AARP Hearing Center
Tens of thousands of Vietnam veterans who served off the coast of Vietnam are a step closer to receiving disability benefits for Agent Orange exposure after a federal appeals court ruled in their favor this week.
In a 9-2 decision, a U.S. Court of Appeals for the Federal Circuit said that “blue water” veterans — those who were stationed on ships off the shore of Vietnam — are entitled to the same benefits for diseases associated with Agent Orange as those who served on land or Vietnam’s inland waterways.
The appeals court ruled that in passing the Agent Orange Act of 1991, Congress intended to include Vietnam’s territorial sea. That law said that veterans who contracted certain diseases could receive disability payments based on the presumption that those ailments were linked to exposure to Agent Orange, a toxic herbicide used to clear foliage in Vietnam.

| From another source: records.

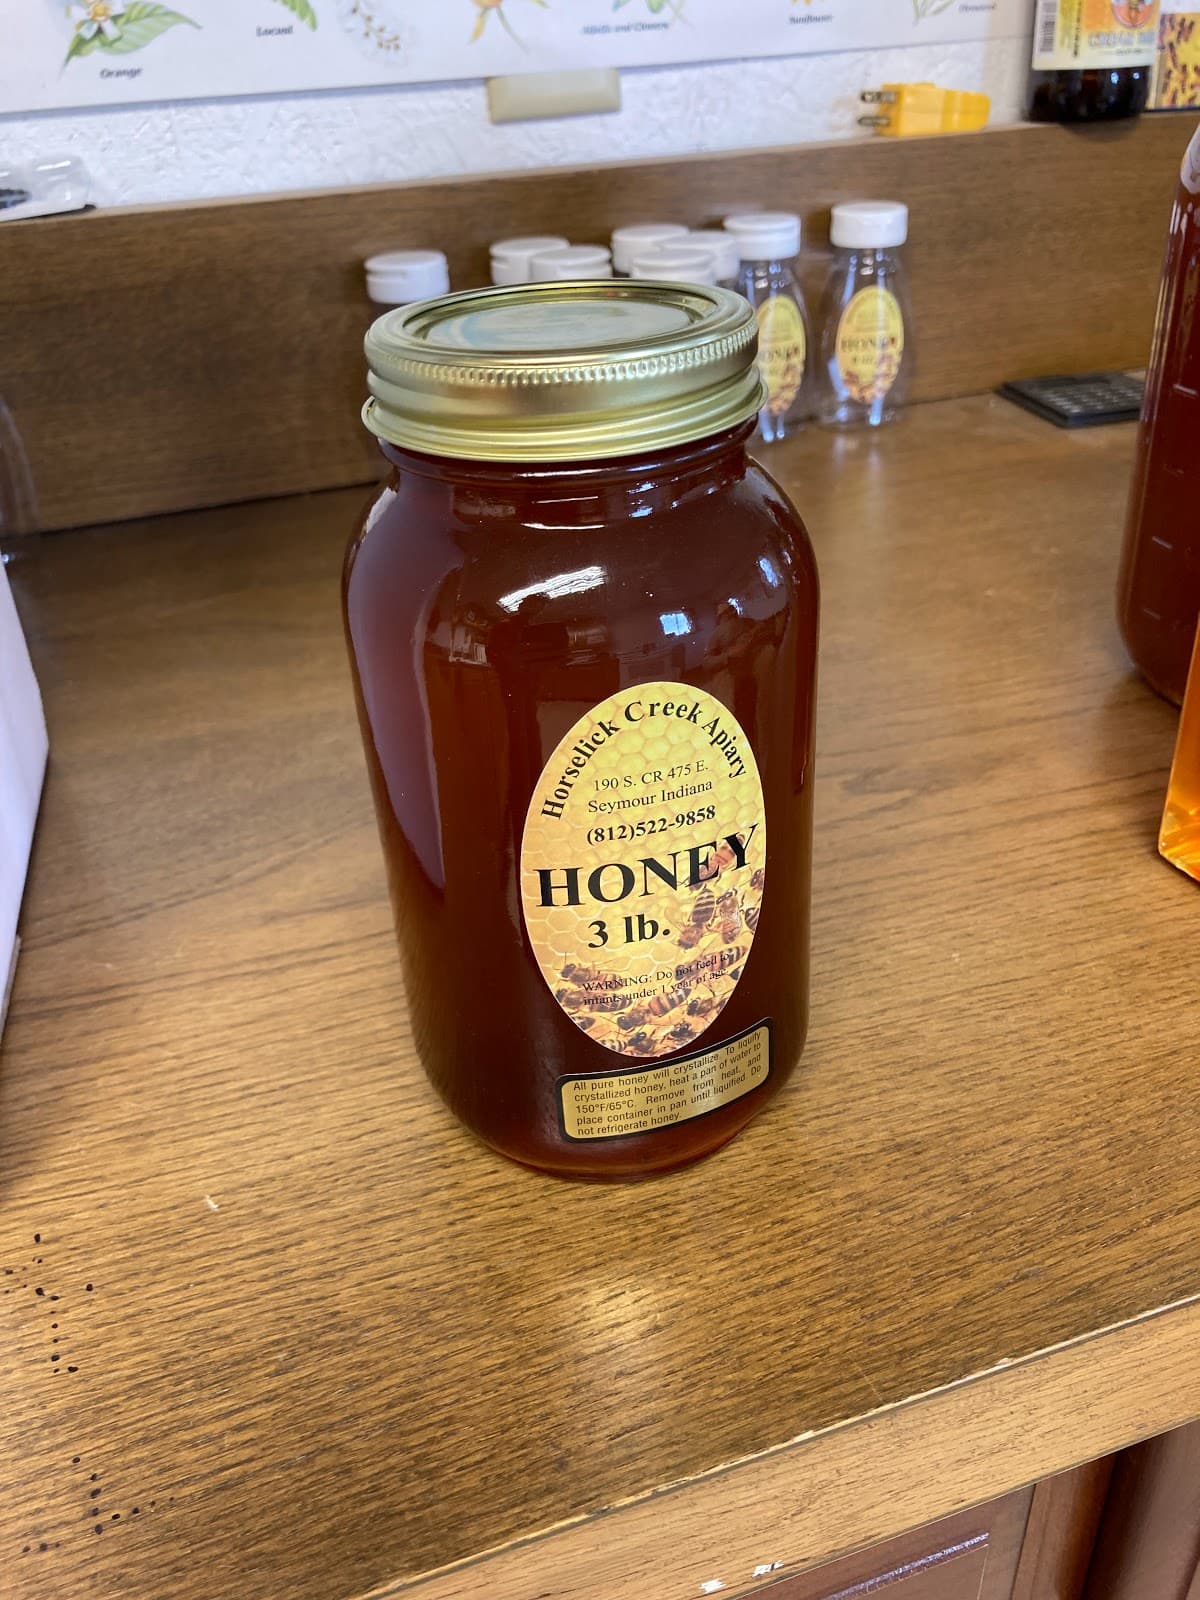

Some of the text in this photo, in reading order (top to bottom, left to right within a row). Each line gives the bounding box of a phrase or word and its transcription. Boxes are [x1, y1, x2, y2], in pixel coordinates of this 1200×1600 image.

[541, 700, 746, 820] Horselick Creek Apiary
[594, 760, 708, 792] 190 S. CR 475 E.
[588, 780, 712, 814] Seymour Indiana
[586, 805, 716, 847] (812)522-9858
[534, 823, 758, 908] HONEY
[588, 914, 671, 949] 3 lb.
[582, 952, 730, 992] WARNING: Do not feed to
[584, 993, 622, 1006] infants
[624, 988, 658, 1000] under
[671, 979, 693, 994] year
[696, 972, 708, 985] of
[573, 1081, 587, 1091] All
[591, 1080, 614, 1091] pure
[618, 1075, 649, 1086] honey
[653, 1068, 670, 1079] will
[725, 1046, 735, 1055] To
[738, 1031, 761, 1050] liquify
[574, 1088, 631, 1102] crystallized
[669, 1075, 689, 1088] heat
[700, 1066, 717, 1079] pan
[719, 1059, 728, 1070] of
[730, 1047, 751, 1064] water
[753, 1042, 761, 1052] to
[646, 1088, 685, 1105] Remove
[693, 1078, 714, 1092] from
[747, 1053, 761, 1067] and
[577, 1115, 603, 1126] place
[607, 1108, 653, 1123] container
[657, 1104, 666, 1113] in
[670, 1099, 687, 1112] pan
[690, 1090, 710, 1104] until
[750, 1065, 761, 1076] Do
[578, 1127, 594, 1136] not
[597, 1119, 648, 1135] refrigerate

The Department of Veterans Affairs has not said whether it intends to appeal the decision to the U.S. Supreme Court. “The VA is reviewing this decision and will determine an appropriate response,” an agency spokesperson said.
The diseases now on the VA’s Agent Orange list are coronary artery heart disease, respiratory cancers, prostate cancer, multiple myeloma, Hodgkin’s disease, non-Hodgkin’s lymphoma, Parkinson’s disease, type 2 diabetes, peripheral neuropathy-early onset, AL amyloidosis, chronic B-cell leukemia, chloracne, porphyria cutanea tarda , and soft tissue sarcomas.
The VA is considering adding several other diseases — bladder cancer, hypothyroidism, hypertension and Parkinson’s-like symptoms — to the list.